Exercise details
Please retype all of the entries that follow, leaving the images out.

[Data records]
****************

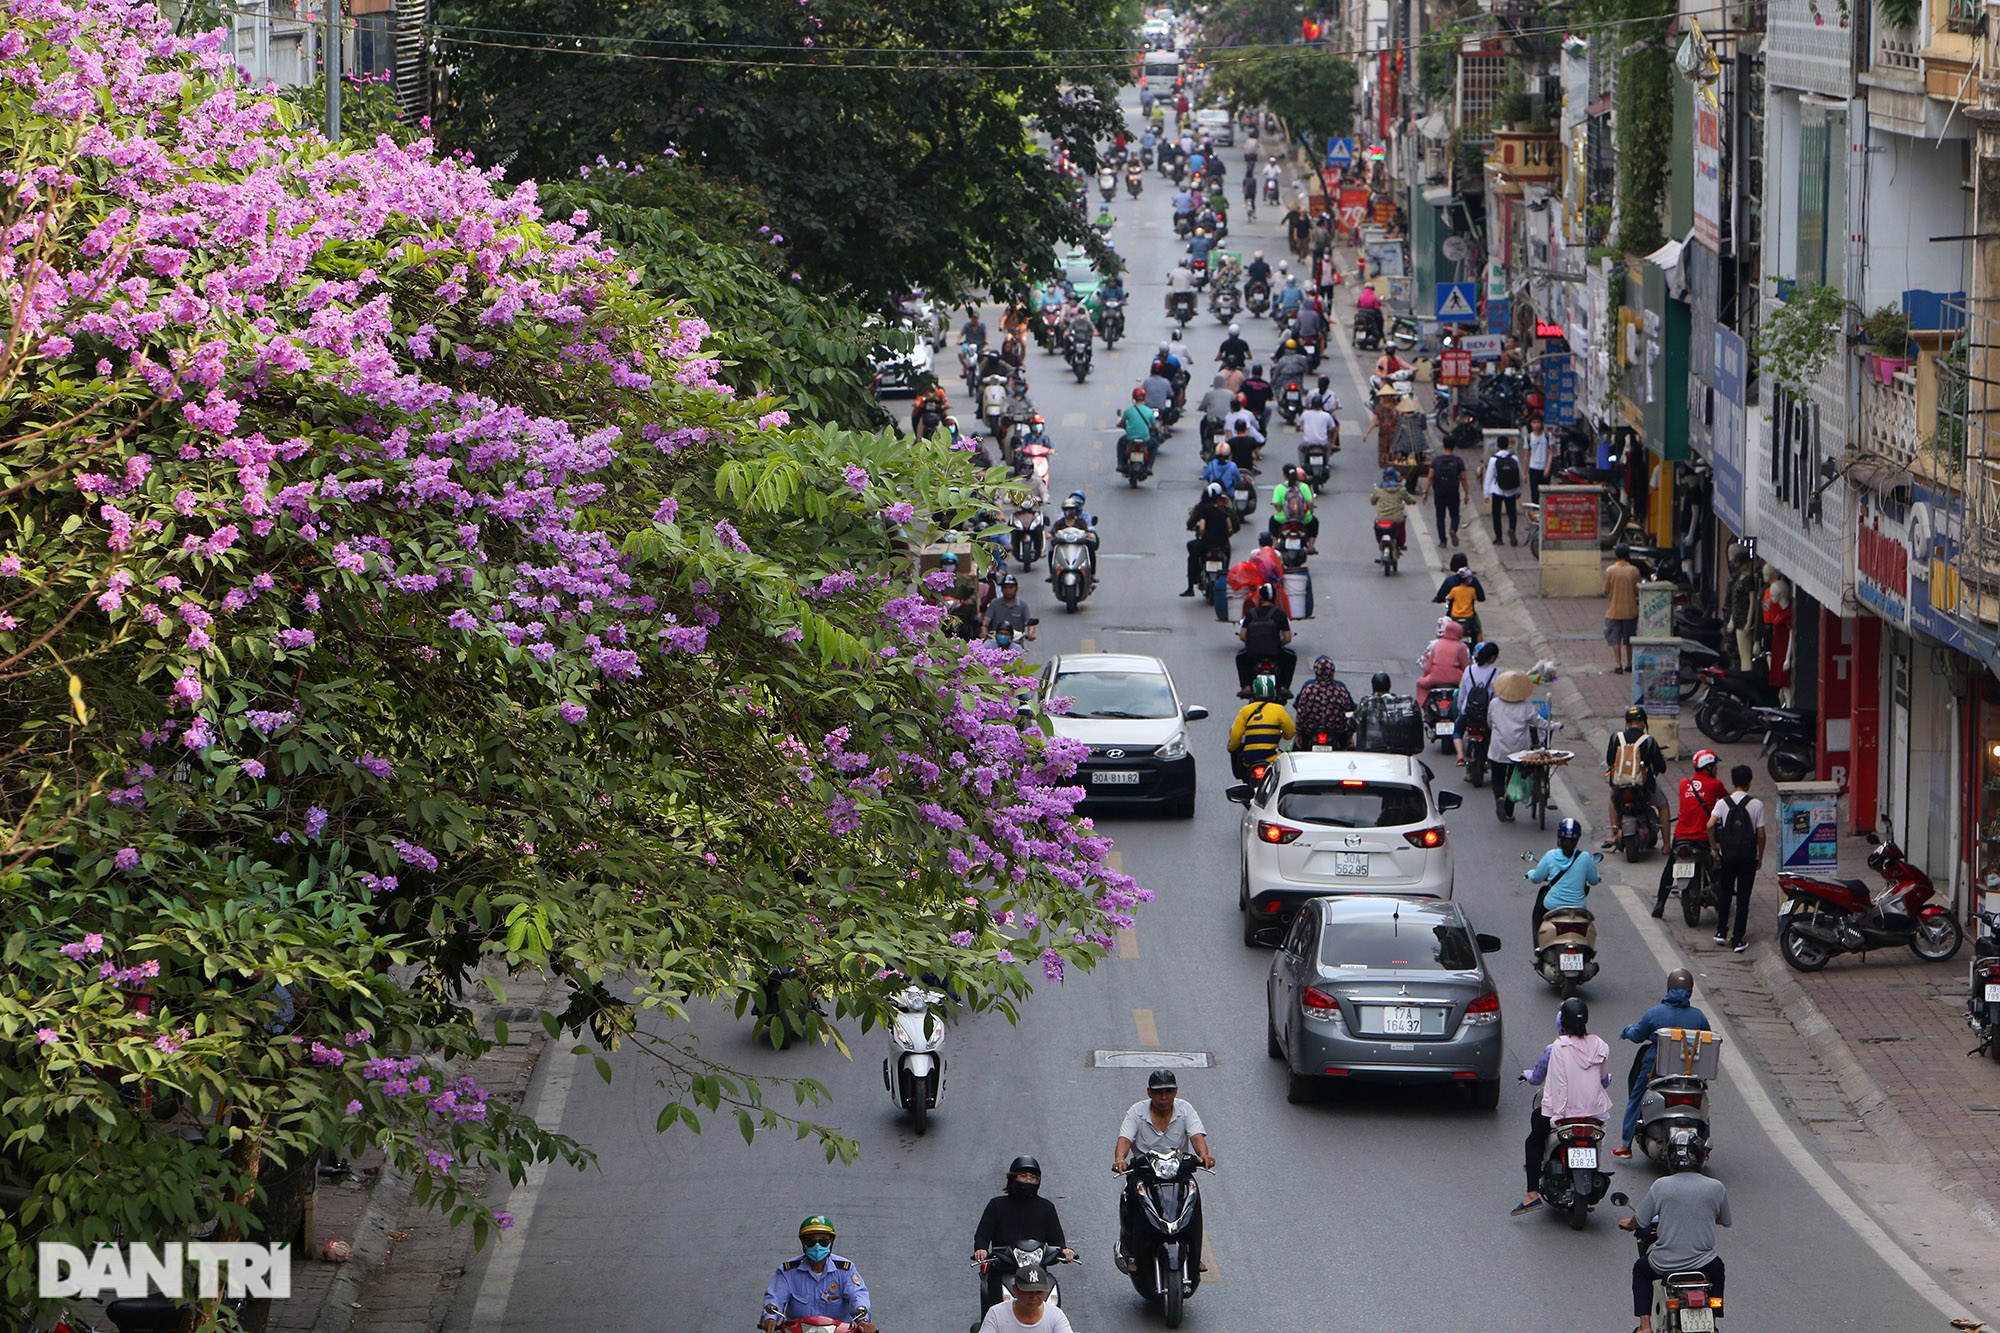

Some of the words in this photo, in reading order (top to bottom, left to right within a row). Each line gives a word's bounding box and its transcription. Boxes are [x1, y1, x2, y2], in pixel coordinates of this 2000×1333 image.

[1466, 341, 1487, 349] BIDV
[1344, 853, 1362, 864] 30A
[1336, 863, 1368, 875] 562.95
[1394, 1008, 1413, 1019] 17A
[1386, 1019, 1420, 1032] 164.37
[1572, 1149, 1593, 1158] 29-T1
[1570, 1158, 1596, 1167] 838.25
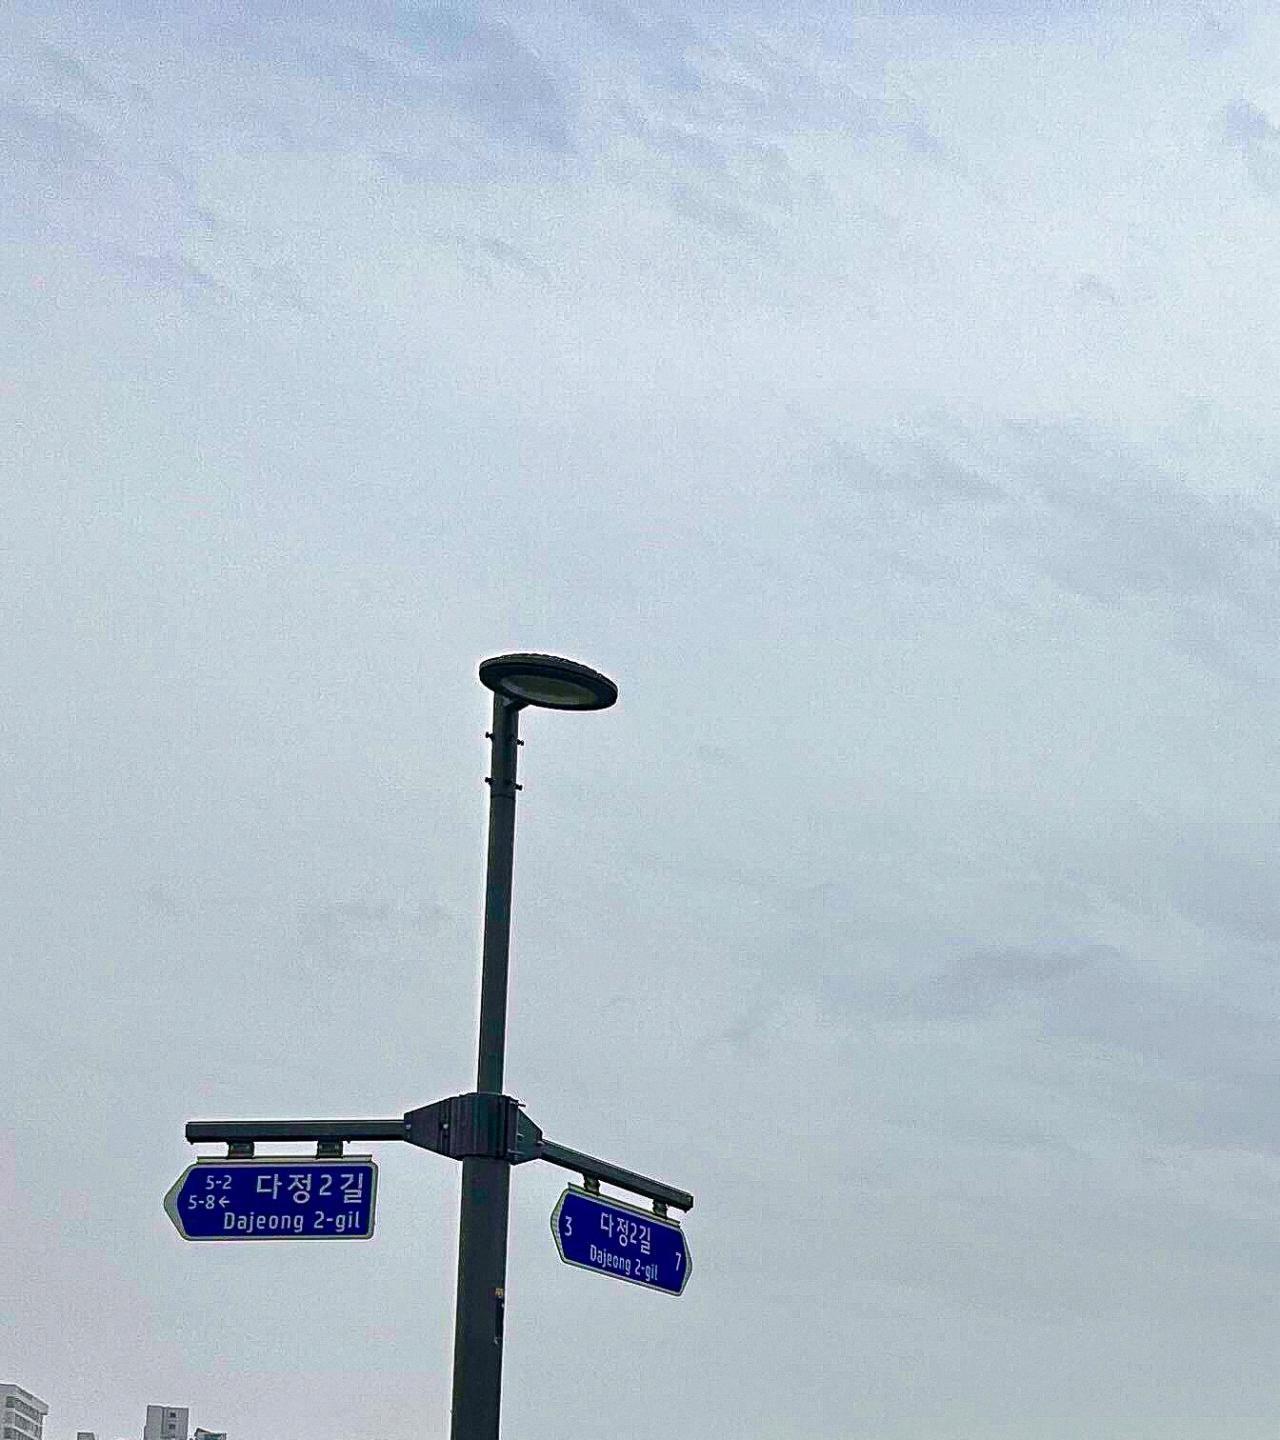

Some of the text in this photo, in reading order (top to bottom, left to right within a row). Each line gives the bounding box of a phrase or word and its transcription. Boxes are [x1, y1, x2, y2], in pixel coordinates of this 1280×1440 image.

[205, 1174, 233, 1190] 5-2
[256, 1172, 364, 1204] 다정2길
[187, 1194, 216, 1210] 5-8
[223, 1210, 361, 1233] Dajeong 2-gil
[563, 1215, 573, 1237] 3
[599, 1211, 652, 1255] 다정2길
[589, 1244, 659, 1281] Dajeong 2-gil
[674, 1251, 682, 1272] 7
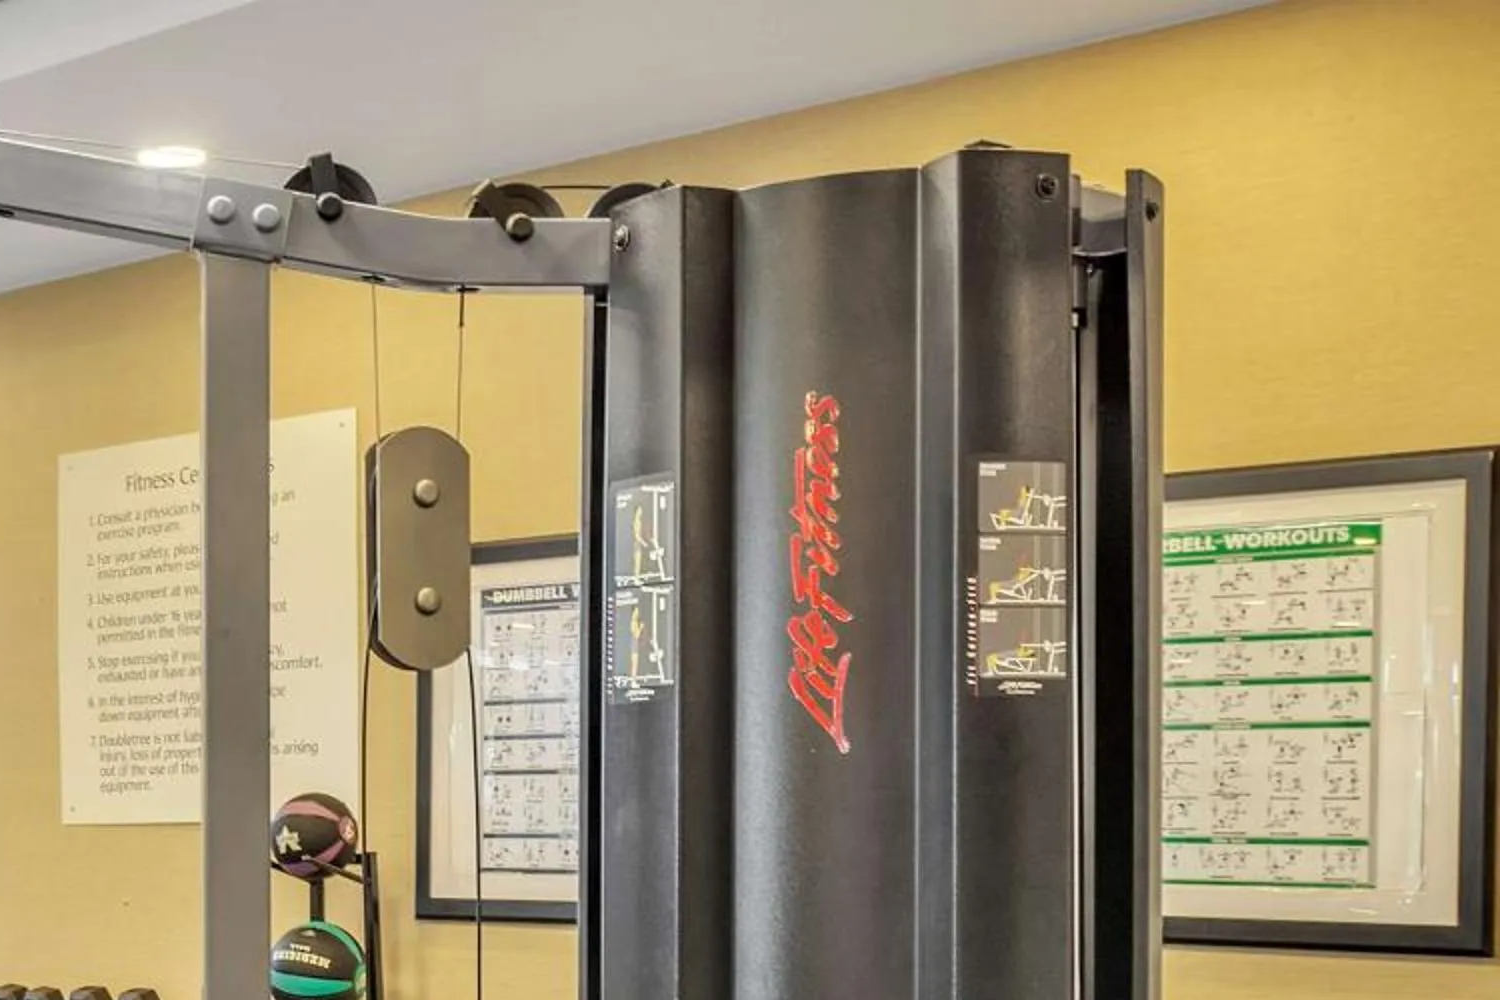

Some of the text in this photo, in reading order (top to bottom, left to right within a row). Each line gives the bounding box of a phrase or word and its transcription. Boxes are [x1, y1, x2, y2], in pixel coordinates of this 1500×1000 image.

[125, 466, 199, 492] Fitness Ce
[143, 504, 188, 523] physician
[1164, 525, 1350, 553] BELL WORKOUTS
[787, 390, 853, 754] Life Fitness
[116, 586, 167, 605] equipment
[98, 612, 138, 628] Children
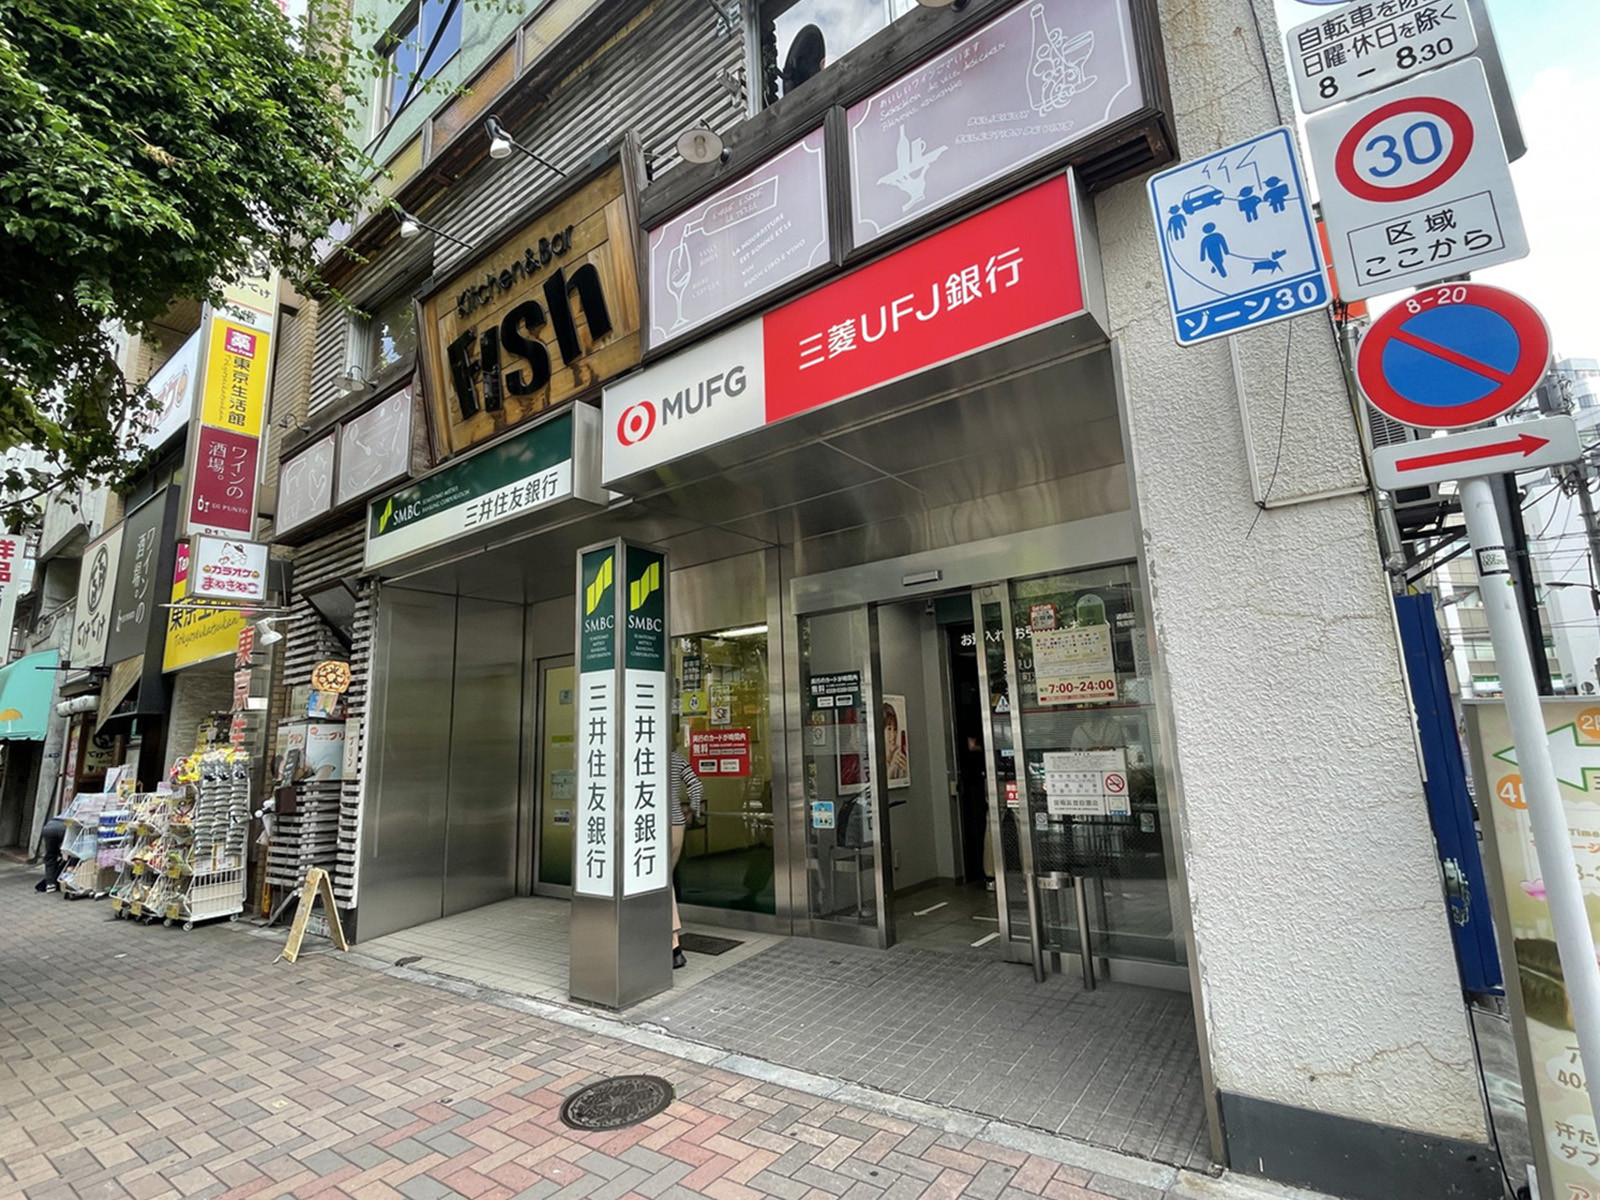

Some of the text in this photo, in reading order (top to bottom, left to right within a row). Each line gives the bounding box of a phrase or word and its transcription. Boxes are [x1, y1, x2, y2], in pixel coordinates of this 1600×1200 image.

****************

Response
Some of the words in this photo, in reading order (top to bottom, left to right within a row). Each line gives a word's bounding box and its transcription. Boxes are [x1, y1, x2, y2], in pixel coordinates of this 2000×1333 image.

[1466, 341, 1487, 349] BIDV
[1344, 853, 1362, 864] 30A
[1336, 863, 1368, 875] 562.95
[1394, 1008, 1413, 1019] 17A
[1386, 1019, 1420, 1032] 164.37
[1572, 1149, 1593, 1158] 29-T1
[1570, 1158, 1596, 1167] 838.25

Some of the text in this photo, in reading order (top to bottom, left to right within a row). Each line gives the bounding box of a phrase or word and its transcription. Boxes are [x1, y1, x2, y2], in pixel coordinates of this 1280×1440 image.

[205, 1174, 233, 1190] 5-2
[256, 1172, 364, 1204] 다정2길
[187, 1194, 216, 1210] 5-8
[223, 1210, 361, 1233] Dajeong 2-gil
[563, 1215, 573, 1237] 3
[599, 1211, 652, 1255] 다정2길
[589, 1244, 659, 1281] Dajeong 2-gil
[674, 1251, 682, 1272] 7

Some of the text in this photo, in reading order (top to bottom, left to right within a row). Each line gives the bounding box of a phrase or word and its transcription. Boxes are [x1, y1, x2, y2], in pixel coordinates of this 1500×1000 image.

[125, 466, 199, 492] Fitness Ce
[143, 504, 188, 523] physician
[1164, 525, 1350, 553] BELL WORKOUTS
[787, 390, 853, 754] Life Fitness
[116, 586, 167, 605] equipment
[98, 612, 138, 628] Children

Some of the text in this photo, in reading order (top to bottom, left to right within a row). Each line gives the bounding box of a phrase or word and its transcription. Boxes are [x1, y1, x2, y2], in pixel coordinates of this 1600×1200 image.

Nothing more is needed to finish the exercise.